Uttam Galva Steels has offered to settle the ~56.5 billion loan default by paying 51 per cent amount upfront to the public sector banks so as to abort the auctioning of the company’s assets.

The company, part of the Reserve Bank of India’s (RBI) second list of loan defaulters who have been referred to the bankruptcy tribunal for insolvency proceeding­s, on March 15 wrote to the State Bank of India (SBI), proposing a “one-time settlement” of all dues of lenders “through an upfront payment mechanism”.

SBI is the largest of the 18 banks that have to recover ~56.5 billion from the company.

Uttam Galva has offered to pay ~28.8 billion upfront to settle with all of them and take the firm out of the insolvency proceeding­s.

Calls made to Uttam Galva Managing Director and CEO Anuj R Miglani for comments, remained unanswered. According to the five-page letter reviewed by PTI, the company proposed “a one-time settlement (OTS) of the dues of lenders to the extent of 51 per cent of the outstandin­g claims as on the date of non-performing asset (NPA), that is Q1 FY17”.
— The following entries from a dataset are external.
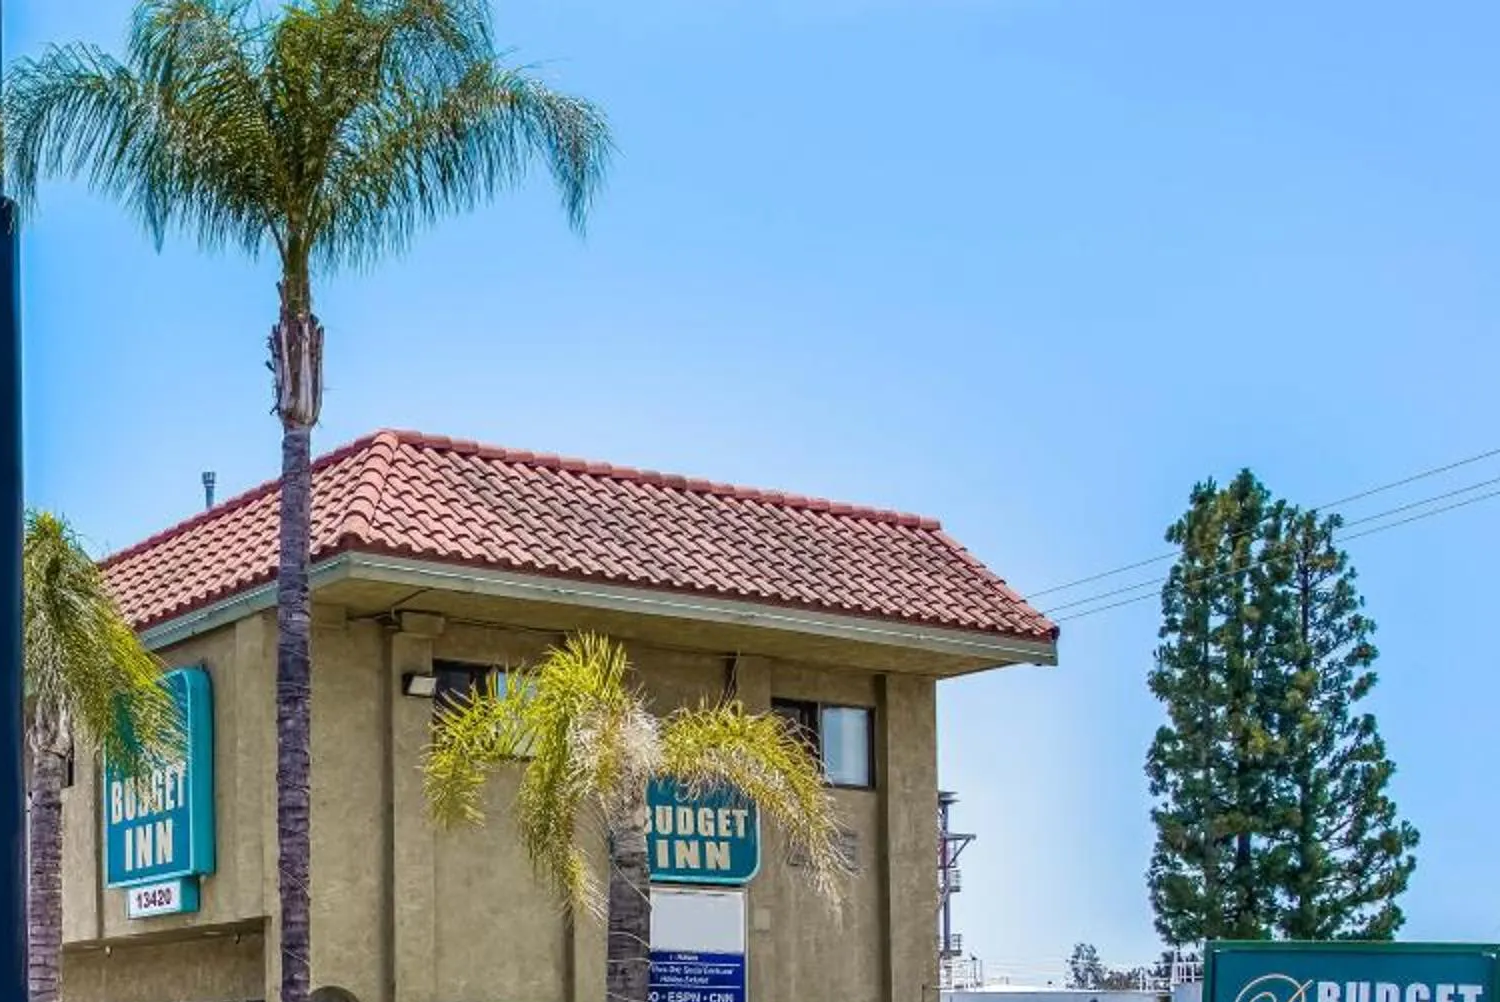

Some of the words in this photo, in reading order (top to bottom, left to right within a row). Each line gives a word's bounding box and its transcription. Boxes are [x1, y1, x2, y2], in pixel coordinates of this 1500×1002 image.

[111, 761, 186, 825] BUDGET
[125, 818, 173, 872] INN
[656, 839, 731, 870] INN
[136, 887, 172, 910] 13420
[667, 991, 700, 1002] ESPN
SBI has the highest dues at ~15.3 billion followed by Canara Bank — ~8.6 billion and Punjab National Bank — ~6.6 billion.

If the proposal is accepted, lenders would have to take a haircut or write-off 49 per cent of the dues. It may also lead other companies to file similar settlement applicatio­ns with their lenders, stalling the insolvency and bankruptcy proceeding­s initiated against 12 big loan defaulters.

In the letter to SBI, Uttam Galva said its loan account had turned into an NPA during Q1 of 2016-17 fiscal year due to adverse operating conditions.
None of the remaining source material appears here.